As a trainee, I have two concerns with this notion. First, is it really something novel? During my training thus far, initially in internal medicine and now in gastroenterology, although my supervisors never explicitly use the word entrustment, they certainly have been signing off on my knowledge, skills, and attitudes on the basis of their confidence in my abilities. I don’t recall them using the exact term entrustment, but it has been implied by the very nature of the supervision process. For example, a trainee is deemed competent to complete an upper GI endoscopy after having adequately completed the various elements of the procedure (e.g., successful sedation, oesophageal intubation, and biopsy sampling) over a prolonged period of time.
The second concern I have is in regards to the post training phase. There are countless scenarios in which trained specialists face situations that are difficult to manage. Again using the example of an upper GI endoscopy, there are times when even specialists may find a case difficult to treat and must rely on their colleagues to assist them (e.g., with a concerning GI bleed). Are specialists then deemed incompetent? Do they face concerns regarding entrustment? Of course not. Maintenance of certification in the United States and revalidation in the United Kingdom are meant to ensure that specialists undergo regular reassessment. Interestingly, the concept of entrustment does not feature in these processes. Surely doctors of every level should be subjected to the same umbrella of regulations.

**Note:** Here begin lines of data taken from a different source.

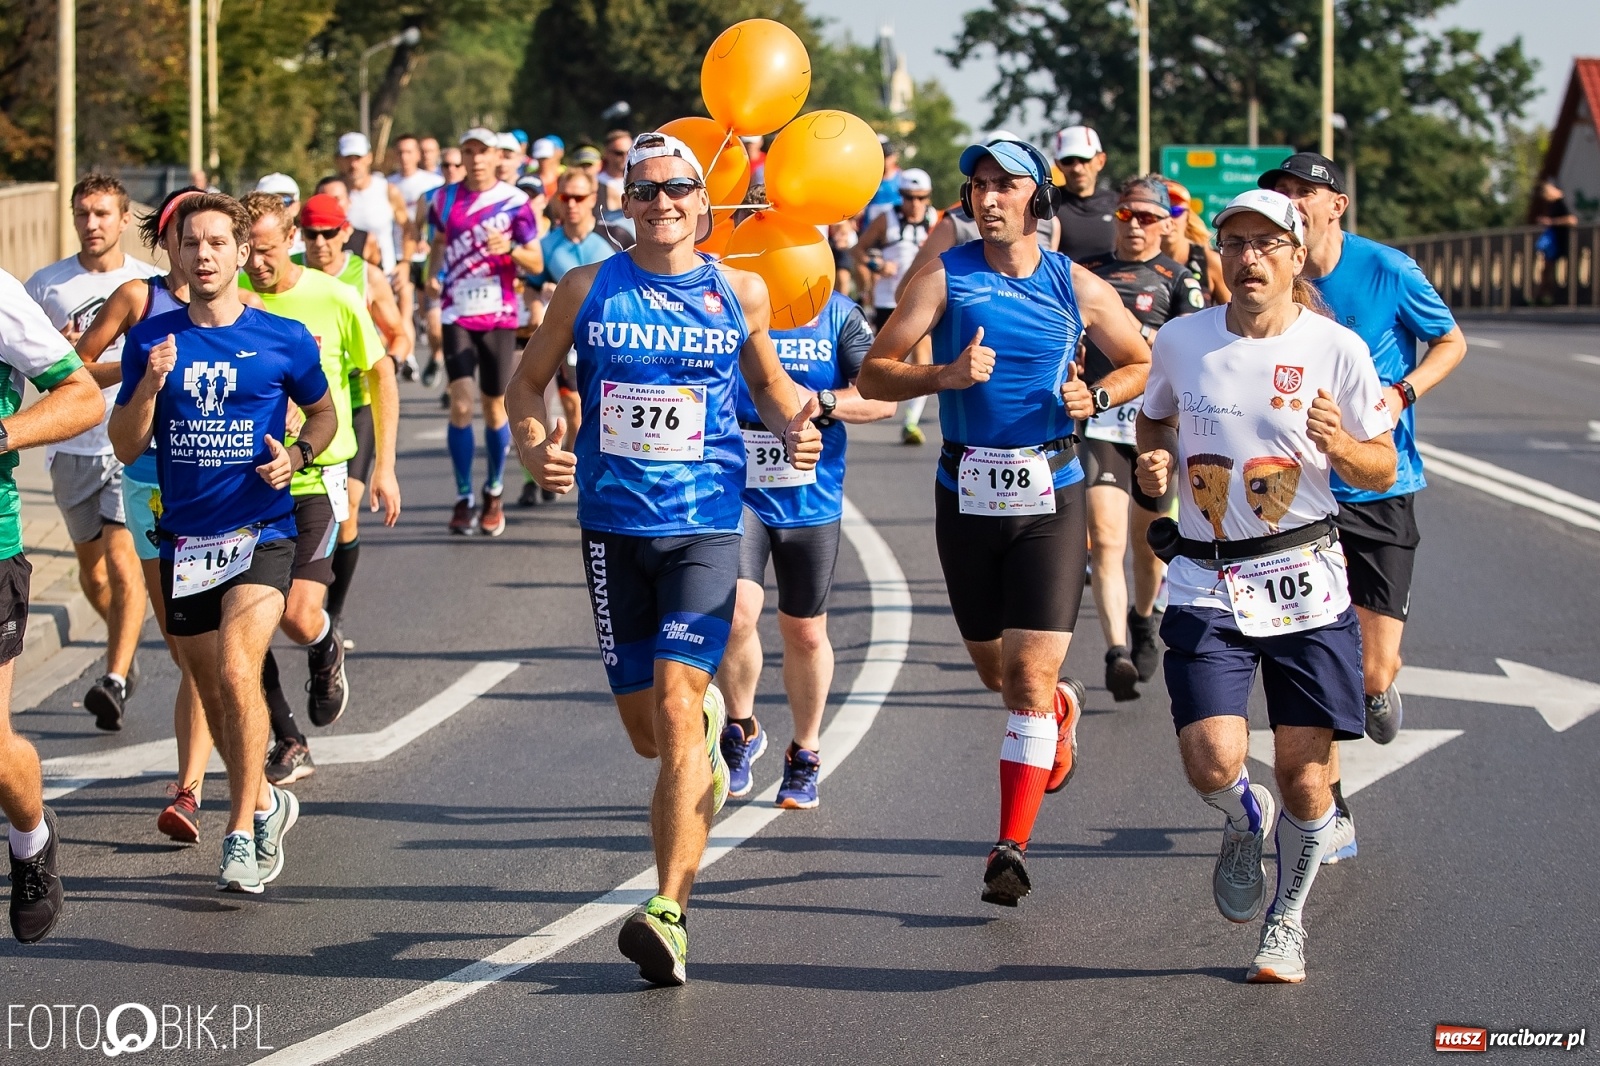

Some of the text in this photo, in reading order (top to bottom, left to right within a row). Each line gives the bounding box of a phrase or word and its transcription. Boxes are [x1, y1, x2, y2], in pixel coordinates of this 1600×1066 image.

[587, 321, 741, 355] RUNNERS
[680, 357, 714, 369] TEAM
[169, 419, 254, 432] 2nd WIZZ AIR
[630, 405, 680, 431] 376
[1192, 415, 1219, 437] III
[170, 433, 254, 448] KATOWICE
[171, 448, 253, 458] HALF MARATHON
[198, 459, 222, 467] 2019
[988, 467, 1031, 490] 198
[203, 545, 241, 571] 166
[1260, 557, 1291, 568] RAFAKO
[1264, 571, 1313, 603] 105
[588, 540, 618, 668] RUNNERS
[1281, 602, 1299, 611] ARTUR
[1285, 834, 1320, 901] Kalenji
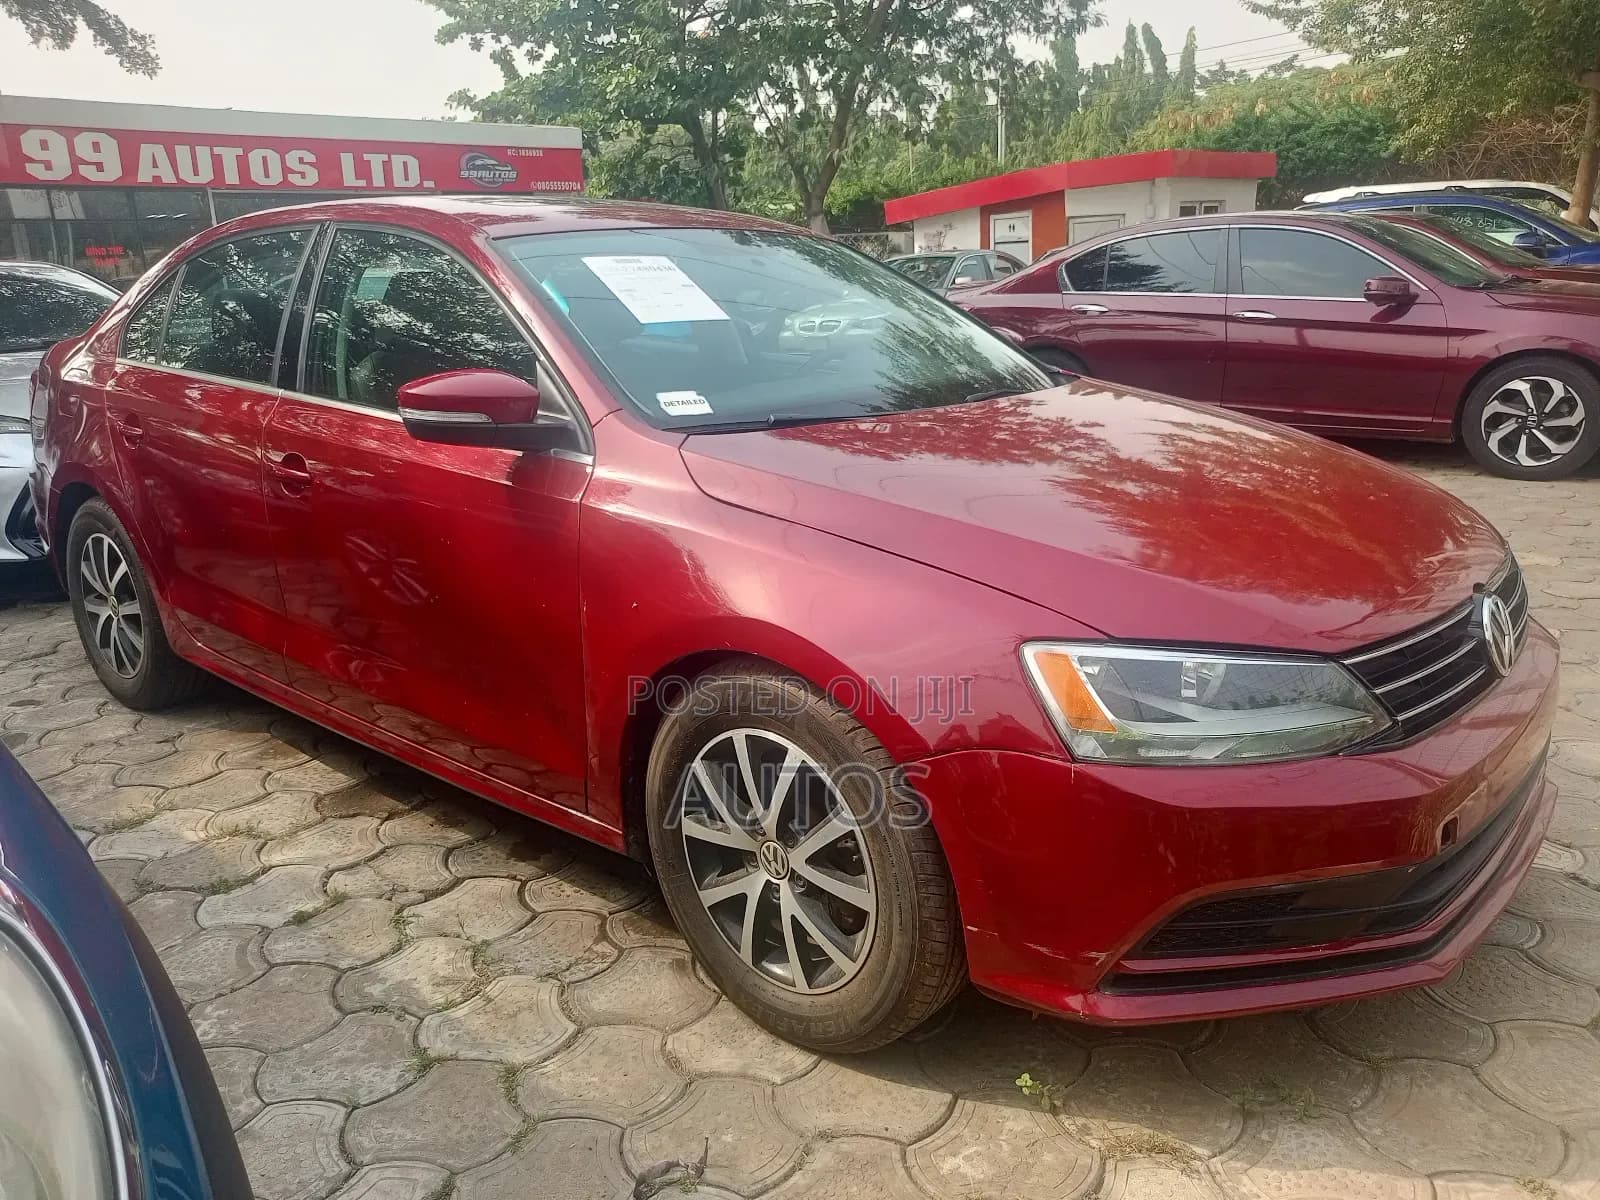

Innovation, or apparent innovation, in medical education is fast paced. While there was a time when the field changed very little, we now have seemingly constant change. However, such change is often limited to the education of trainees, when in fact, training never ends. Advancement in the field should apply even to specialists who must learn to adapt accordingly. Entrustment therefore requires clarity. If any doctors are assessed for entrustment then all doctors should be, even those in practice. Without this requirement, entrustment is simply a term used to potentially add value to the competency-based education system. Yet, in reality, it probably adds very little to a system that currently serves this purpose well.